Somatic insertions/deletions in the calreticulin gene have recently been discovered to be causative alterations in myeloproliferative neoplasms. A combination of qualitative and quantitative allele-specific polymerase chain reaction, fragment-sizing, high resolution melting and Sanger-sequencing was applied for the detection of three driver mutations (in Janus kinase 2, calreticulin and myeloproliferative leukemia virus oncogene genes) in 289 cases of essential thrombocythemia and 99 cases of primary myelofibrosis. In essential thrombocythemia, 154 (53%) Janus kinase 2 V617F, 96 (33%) calreticulin, 9 (3%) myeloproliferative leukemia virus oncogene gene mutation-positive and 30 triple-negative (11%) cases were identified, while in primary myelofibrosis 56 (57%) Janus kinase 2 V617F, 25 (25%) calreticulin, 7 (7%) myeloproliferative leukemia virus oncogene gene mutation-positive and 11 (11%) triple-negative cases were identified. Patients positive for the calreticulin mutation were younger and had higher platelet counts compared to Janus kinase 2 mutation-positive counterparts. Calreticulin mutation-positive patients with essential thrombocythemia showed a lower risk of developing venous thrombosis, but no difference in overall survival. Calreticulin mutation-positive patients with primary myelofibrosis had a better overall survival compared to that of the Janus kinase 2 mutation-positive (P=0.04) or triple-negative cases (P=0.01). Type 2 calreticulin mutation occurred more frequently in essential thrombocythemia than in primary myelofibrosis (P=0.049). In essential thrombocythemia, the calreticulin mutational load was higher than the Janus kinase 2 mutational load (P<0.001), and increased gradually in advanced stages. Calreticulin mutational load influenced blood counts even at the time point of diagnosis in essential thrombocythemia. We confirm that calreticulin mutation is associated with distinct clinical characteristics and explored relationships between mutation type, load and clinical outcome.

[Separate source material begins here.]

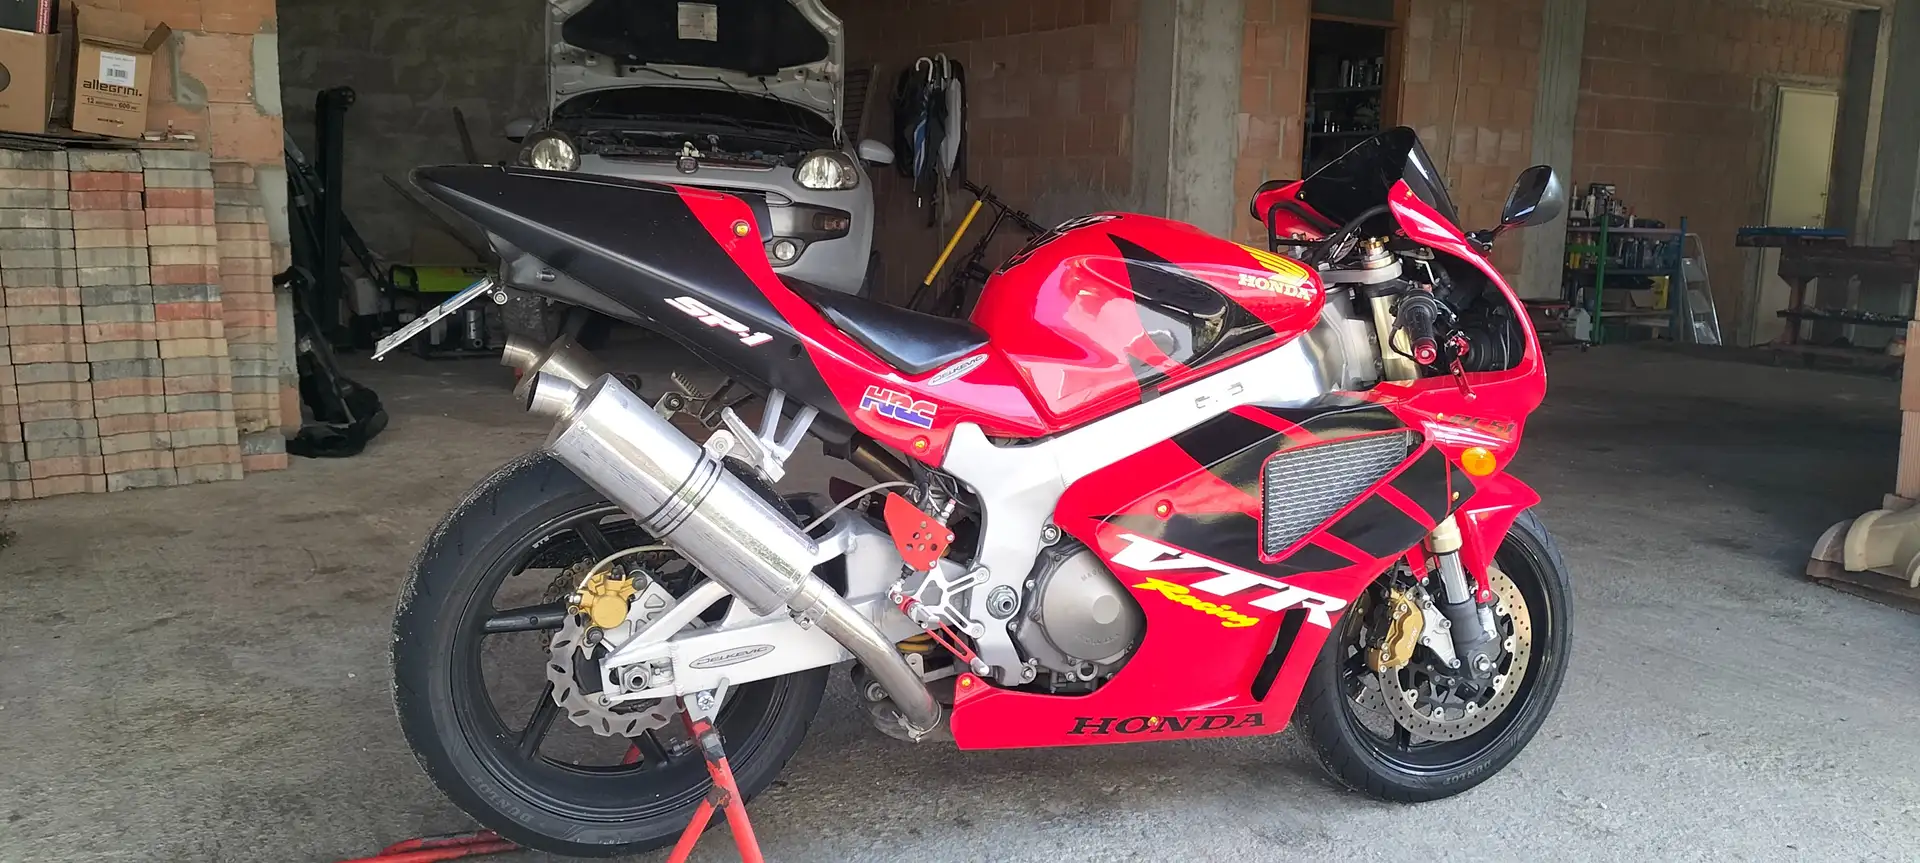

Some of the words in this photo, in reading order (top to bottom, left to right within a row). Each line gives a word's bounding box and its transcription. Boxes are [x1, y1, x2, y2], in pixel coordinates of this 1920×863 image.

Copyright© Ferrata Storti Foundation.

Figures

Figure 1.

Kaplan-Meier analysis of overall survival in patients with ET (panel A, n=261) and PMF (panel B, n=87) according to the presence of different driver mutations. Patients qualified for triple-negative status if JAK2mut and CALRmut and MPLmut were all absent. For a subset of patients (ET: n=2, PMF: n=11) treated by hematopoietic stem cell transplantation, the follow-up was censored at the date of this intervention. In ET, univariate analyses resulted in an overall P value of 0.846 (A). In PMF, the same comparison gave a P value of 0.023 (B). Upon pairwise univariate comparisons, the CALRmut subgroup showed significantly better survival compared to JAK2mut (P=0.04) and triple-negative (P=0.01) PMF patients while JAK2mut patients showed only a tendency towards better overall survival compared to triple-negative patients (P=0.076). ET: essential thrombocythemia; PMF: primary myelofibrosis.

Figure 2.

Comparisons of relative quantities of driver mutations (JAK2 V617F or CALR) in different MPN subgroups according to diagnosis and the relation of time of sampling and time of diagnosis. The first row under the x axis shows the number of patients (n) in the respective subgroups. If no primary or secondary myelofibrosis was present at the time of sampling, sampling within 1 year of diagnosis qualified, as seen in the second lines, as “<1 year”; all other situations were allocated into the “>1 year” subgroup. If primary or secondary myelofibrosis was present at the time of sampling, no such subgrouping was performed (“secondary or primary MF”). Quantification of the respective driver mutation was performed by real-time quantitative allele-specific PCR (JAK2 V617F) or fragment analysis (CALR exon 9). Pairwise comparisons were performed with the Mann-Whitney test. ET: essential thrombocythemia; PMF: primary myelofibrosis; MF: myelofibrosis; PV: polycythemia vera.